Day 1: Make a yeast starter and purchase other ingredients
Day 2: Yeast starter is working, boosting up the amount of healthy yeast for fermentation
Day 3: Brew day (for all grain brewing, 4-5 hours)
- Mash for an hour, requires heating the water and draining and sparging (roughly 2-2.5 hours)
- Boil for an hour, required collecting wort from the mash, bringing to a boil and adding hops (1.25 hours)
- Cooling the wort, required ice and a good process, if you can manage under .5 hours, you are doing well.
- Aerate the wort and add the yeast.
- Clean up.
Days 4-10: First week of fermentation. Take a gravity reading (if you want) at the end of the week. Fermentation should go through its vigorous stage during this first week.
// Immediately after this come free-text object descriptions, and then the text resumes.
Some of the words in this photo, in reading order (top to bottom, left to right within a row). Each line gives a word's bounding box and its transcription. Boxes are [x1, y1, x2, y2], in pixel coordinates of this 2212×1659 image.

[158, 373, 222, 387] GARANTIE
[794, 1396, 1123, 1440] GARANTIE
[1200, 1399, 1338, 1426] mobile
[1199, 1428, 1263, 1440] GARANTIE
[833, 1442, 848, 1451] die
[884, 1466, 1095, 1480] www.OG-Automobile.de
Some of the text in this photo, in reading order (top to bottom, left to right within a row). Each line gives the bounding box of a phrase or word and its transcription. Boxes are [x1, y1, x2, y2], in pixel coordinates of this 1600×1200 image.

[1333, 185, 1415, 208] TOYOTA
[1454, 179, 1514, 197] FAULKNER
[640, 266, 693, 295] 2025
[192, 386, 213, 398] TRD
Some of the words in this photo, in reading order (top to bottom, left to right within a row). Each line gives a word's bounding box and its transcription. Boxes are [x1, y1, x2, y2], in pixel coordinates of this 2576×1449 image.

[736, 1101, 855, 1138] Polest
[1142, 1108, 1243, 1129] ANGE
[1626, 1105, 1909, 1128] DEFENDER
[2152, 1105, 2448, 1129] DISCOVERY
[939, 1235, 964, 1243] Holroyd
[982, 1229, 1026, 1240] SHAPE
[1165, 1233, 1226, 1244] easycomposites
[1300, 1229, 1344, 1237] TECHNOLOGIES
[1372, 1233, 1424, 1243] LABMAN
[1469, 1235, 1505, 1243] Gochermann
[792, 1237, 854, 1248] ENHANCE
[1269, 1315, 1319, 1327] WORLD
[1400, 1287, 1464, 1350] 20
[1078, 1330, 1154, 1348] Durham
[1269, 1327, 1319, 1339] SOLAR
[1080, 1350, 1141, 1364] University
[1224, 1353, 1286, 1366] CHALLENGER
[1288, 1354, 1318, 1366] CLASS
Days 11-24: Fermentation commences, and with a full three weeks in primary fermentation, the yeast has time to "clean up" after themselves. Patience will result in a cleaner beer.
Day 24: Prepare bottles for bottling. For me this includes rinsing the clean bottles and placing into the dishwasher on the sanitize setting to run overnight.
Day 25: Bottling. Boil the priming sugar for 10 minutes and cool. Rack the beer to the bottling bucket, fill and cap the bottles. Clean up. Realistically, this will take up to 2 hours.
- Boil and cool the sugar. Also boil the caps to sanitize. (20 minutes)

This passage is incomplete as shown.